Puis, voulant pousser son adversaire jusque dans ses derniers retranchements, il ajouta :

— Et pourquoi donc cela ? Quelle difficulté ?

— Sa faiblesse, provenant de l’énorme quantité de sang qu’il a perdue. M. de Mauclerc se trouve dans un état de prostration complète ; depuis quelques heures, il n’a pas fait un geste ! Toute secousse pourrait lui devenir mortelle.

— Mortelle ?

— Je ne puis dire le contraire, dit le docteur avec impassibilité.

— Pauvre cher comte ! répliqua l’agent avec une compassion ironique : ainsi vous refusez de me le laisser voir ?

— Dame !

— Entrevoir seulement.

— Vraiment, je le regrette, mais…

M. Jules se frottait les mains, sans s’apercevoir que ce geste trivial de contentement n’était guère en situation.

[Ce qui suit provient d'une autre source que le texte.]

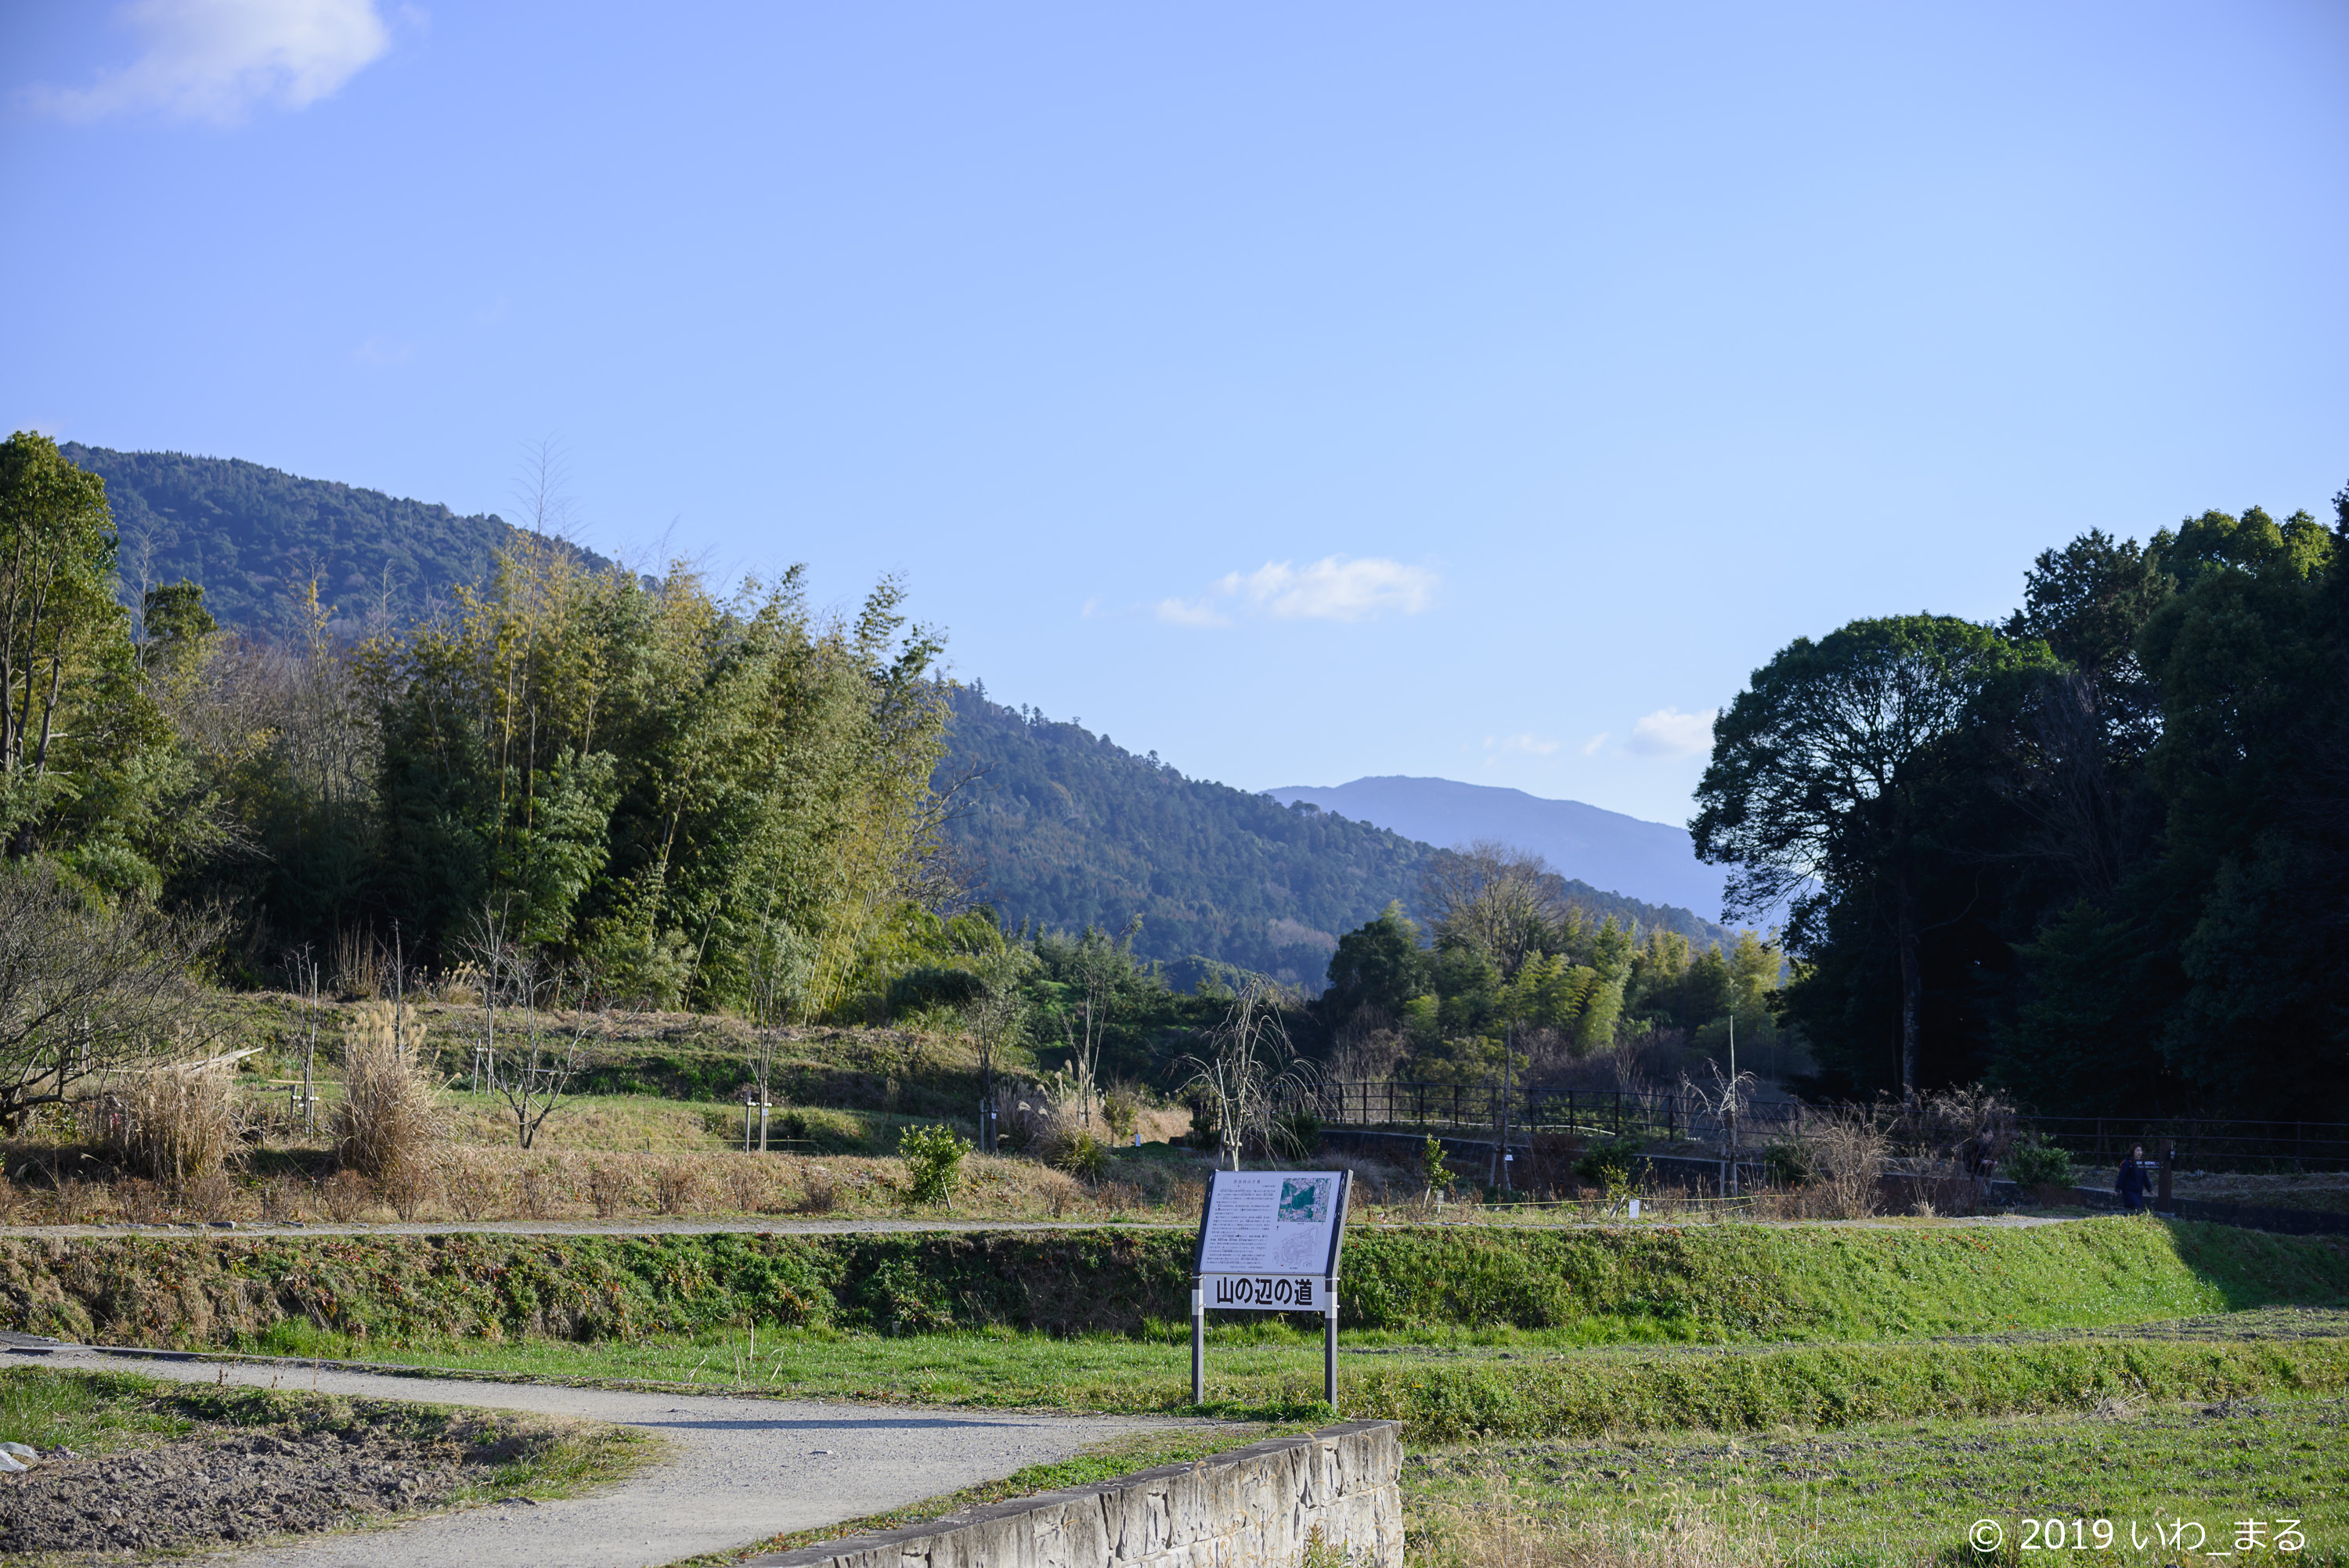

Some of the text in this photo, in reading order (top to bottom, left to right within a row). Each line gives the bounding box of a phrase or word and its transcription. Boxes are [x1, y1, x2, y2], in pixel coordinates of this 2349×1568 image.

Le docteur l’examinait du coin de l’œil.

— Pourtant… fit-il d’une voix timide.

— Pourtant ? demanda l’autre, qui chercha la signification de cette réticence, persuadé qu’il était de l’impossibilité où se trouvait le médecin de lui montrer son malade.

— Si vous y tenez…

— Oh ! beaucoup !

— Eh bien ! j’y consens.

— Ah bah !

Stupéfaction sans égale de la part de M. Jules.

— À une condition.

— Laquelle ?

— Dans le cas où le blessé viendrait à vous reconnaître, ce dont je doute…

— Et moi aussi…

— Dans ce cas, vous vous engagez sur l’honneur à ne pas lui adresser la parole…

— Ça, je le jure.

— Même s’il paraissait le désirer.

— Je m’y engage sur ce que j’ai de plus sacré.

— Par vous-même ?

— Par moi ! Ma foi, docteur, vous avez mis le doigt dessus… Voilà le seul serment que je respecte un peu.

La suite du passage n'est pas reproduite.